When you grow up the way Regina Louise grew up -- abandoned by her parents, physically abused by caretakers, shuttled from foster home to foster home -- you learn to doubt your memories. Even the good ones, especially the good ones, come with a disclaimer: Maybe they never happened.
Louise remembered that a woman once wanted to adopt her. The woman took Louise to the ballet and opera, taught her to believe in herself, and made her a beautiful blue dress with rainbows and hearts stitched on the front.
Then the woman disappeared from her life.
By the time Louise, the successful owner of two Bay Area hair salons, sat down to write her memoir in 1999, she was 37, and none of the adults from her childhood who could corroborate her stories could be found.
The scars on her body told her she had been beaten. But did the blue dress ever exist? Was the love that deep? Maybe myth had mixed with memory. Maybe it never happened.
This is the inheritance sometimes left to children who leave foster care with no lasting bonds with adults: There is no one around to tell the kinds of stories that seed memories, stories that start with "Remember when you ... ?"
What she could recall, and what she felt, she wrote down. In the summer of 2003, Louise's memoir, "Somebody's Someone," arrived in bookstores. Though she did not know it then, writing about her dark past would alter her future in ways she had only dreamed about as a child.
Louise was a toddler when her biological mother left her in Austin, Texas, in the care of a woman who took in kids.

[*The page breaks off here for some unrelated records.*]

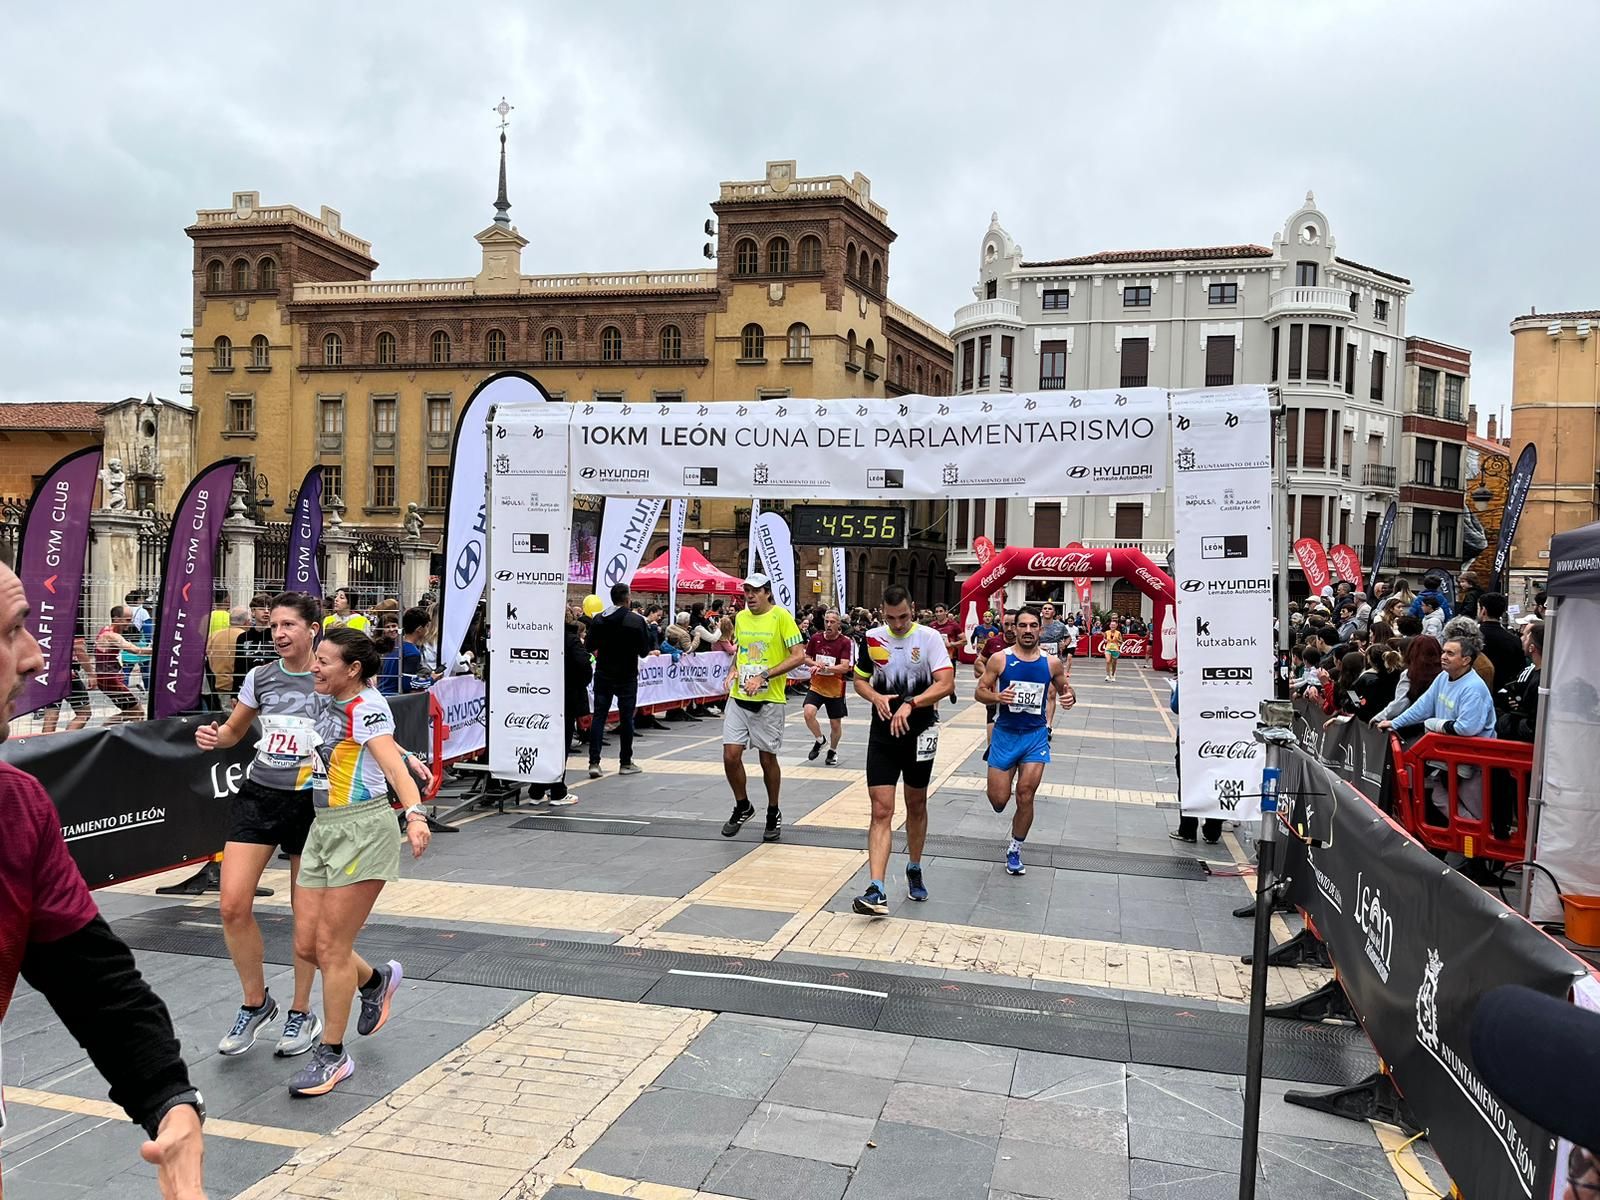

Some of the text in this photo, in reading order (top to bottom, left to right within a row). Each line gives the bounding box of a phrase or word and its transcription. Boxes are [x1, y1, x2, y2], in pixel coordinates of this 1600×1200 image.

[582, 417, 1154, 448] 10KM LEÓN CUNA DEL PARLAMENTARISMO
[600, 468, 650, 478] HYUNDAI
[1094, 465, 1153, 476] HYUNDAI
[52, 480, 70, 522] CLUB
[46, 528, 64, 567] GYM
[1204, 542, 1223, 551] LEÓN
[298, 542, 312, 583] GYM
[1028, 552, 1094, 572] Coca-Cola
[517, 572, 564, 581] HYUNDAI
[677, 580, 705, 590] Coca-Cola
[980, 564, 1007, 588] Coca-Cola
[1136, 568, 1167, 591] Coca-Cola
[1208, 580, 1270, 590] HYUNDAI
[166, 490, 208, 694] ALTAFIT GYM CLUB
[506, 622, 554, 631] kutxabank
[1196, 637, 1257, 648] kutxabank
[508, 682, 550, 694] emico
[1018, 692, 1036, 704] 582
[504, 712, 552, 730] Coca-Cola
[1200, 706, 1256, 720] emico
[1198, 740, 1258, 760] Coca-Cola
[60, 806, 166, 837] TAMIENTO DE LEÓN
[1442, 1042, 1536, 1186] AYUNTAMIENTO DE LEÓN

Her father only vaguely knew she existed.
Louise was often mistreated. At the age of 11 she ran away to North Carolina to rejoin her mother, who did not want her. She was sent to Richmond, Calif., to be with her father, who also rejected her. She ended up in the foster care system.
In 1975, on the eve of her 13th birthday, Louise arrived at a children's shelter in the Bay Area city of Martinez. Jeanne Taylor worked at the shelter, and where others saw bad behavior in Louise, Taylor saw potential.
She nourished it with trips to the opera and ballet and by demonstrating to Louise her potential for good. When Louise showed up with Converse sneakers that she had stolen, Taylor made her return them. But mostly she made the girl want to behave.